## Records provided
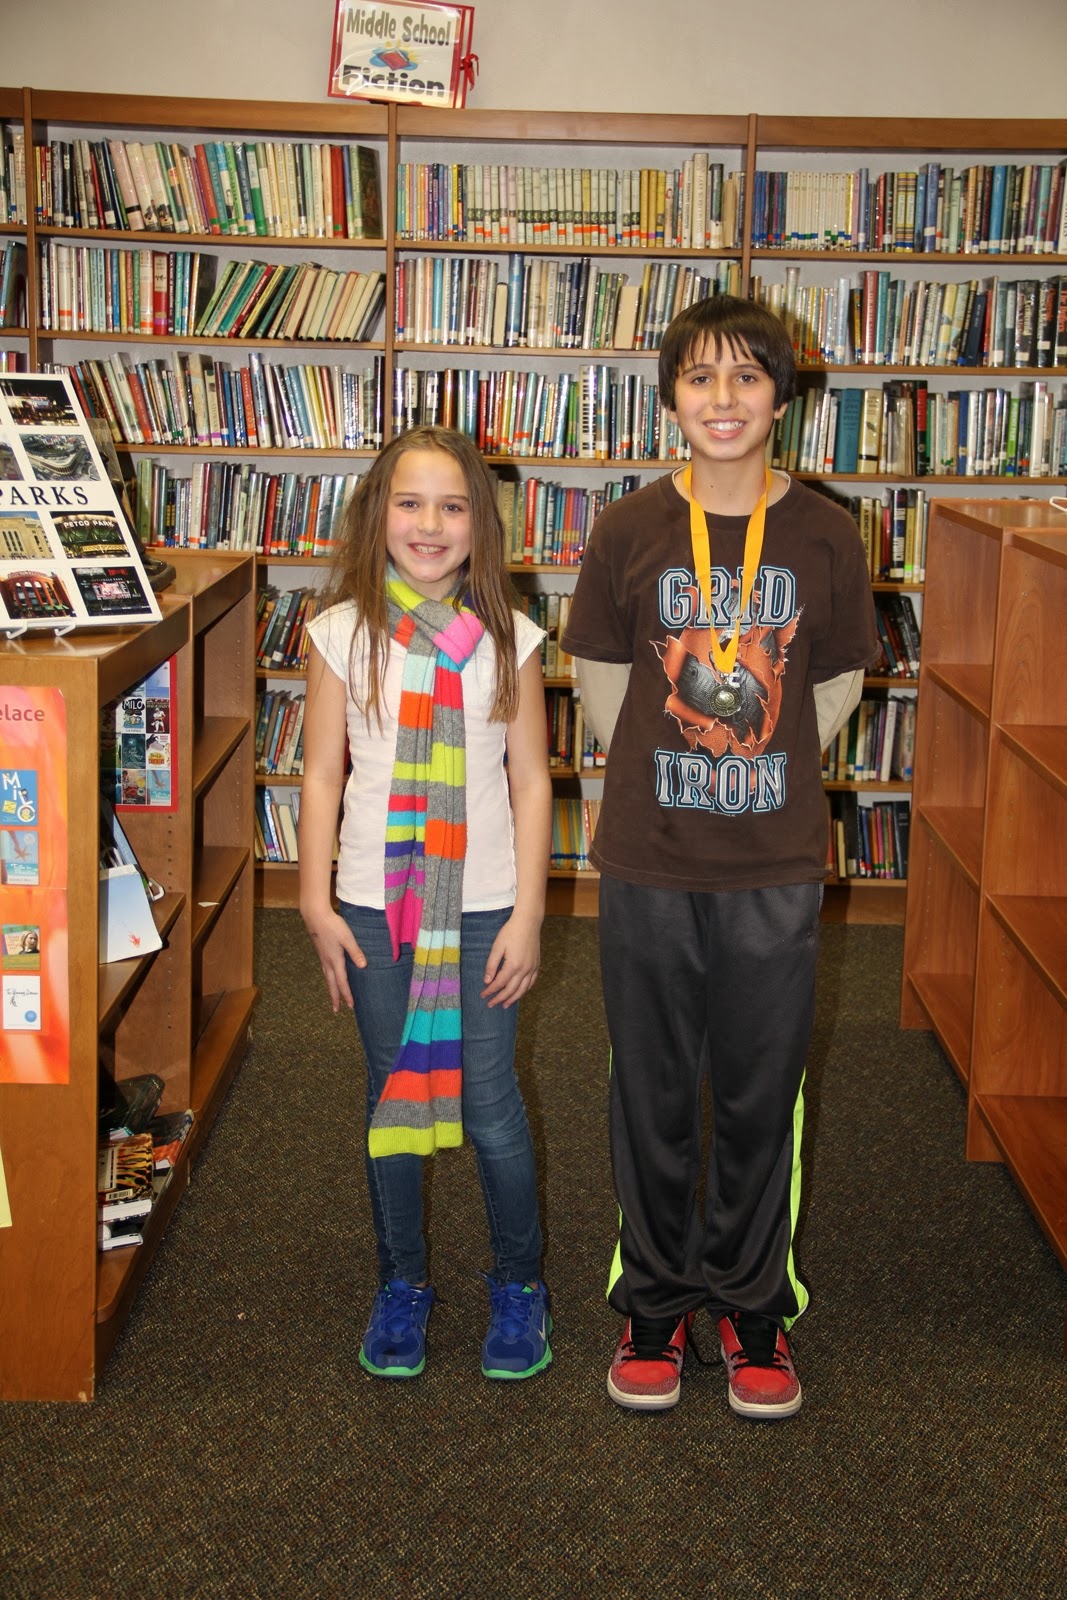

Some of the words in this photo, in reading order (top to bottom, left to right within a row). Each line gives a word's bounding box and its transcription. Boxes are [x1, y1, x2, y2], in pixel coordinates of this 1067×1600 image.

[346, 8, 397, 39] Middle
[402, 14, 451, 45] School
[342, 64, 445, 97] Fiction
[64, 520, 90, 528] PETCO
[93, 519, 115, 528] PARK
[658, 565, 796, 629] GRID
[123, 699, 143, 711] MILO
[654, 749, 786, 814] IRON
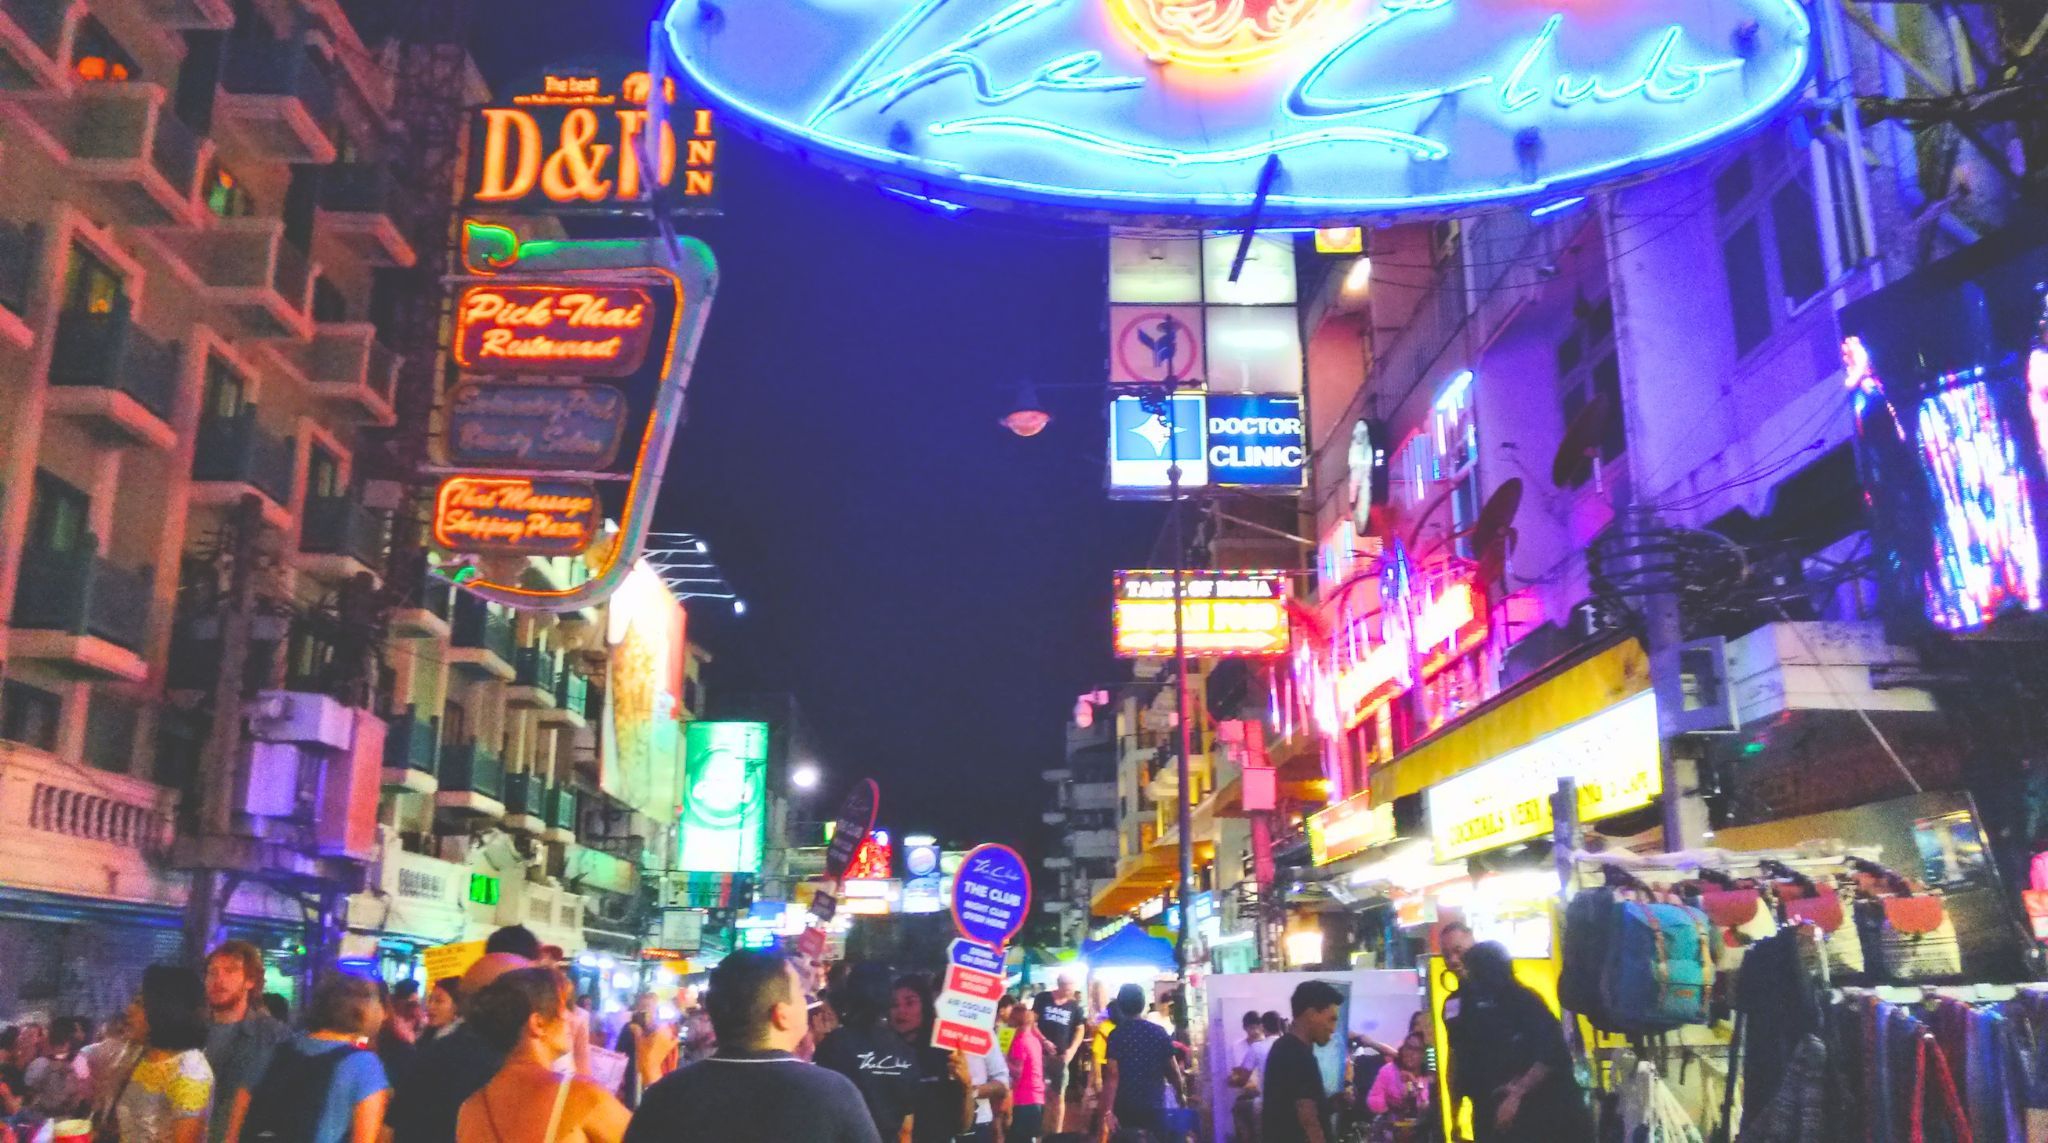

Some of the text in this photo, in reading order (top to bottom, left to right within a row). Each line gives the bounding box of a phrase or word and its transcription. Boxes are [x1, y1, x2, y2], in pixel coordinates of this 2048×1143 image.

## Your task
Reproduce the entries above exactly, though not their pictures.

## Reply
Some of the words in this photo, in reading order (top to bottom, left to right within a row). Each line gives a word's bounding box and its transcription. Boxes are [x1, y1, x2, y2], in pixel coordinates of this 1067×1600 image.

[346, 8, 397, 39] Middle
[402, 14, 451, 45] School
[342, 64, 445, 97] Fiction
[64, 520, 90, 528] PETCO
[93, 519, 115, 528] PARK
[658, 565, 796, 629] GRID
[123, 699, 143, 711] MILO
[654, 749, 786, 814] IRON

Some of the text in this photo, in reading order (top to bottom, left to right within a row). Each line gives the bounding box of a phrase or word and its transcription. Boxes are [x1, y1, x2, y2], in pixel coordinates of this 2048×1143 image.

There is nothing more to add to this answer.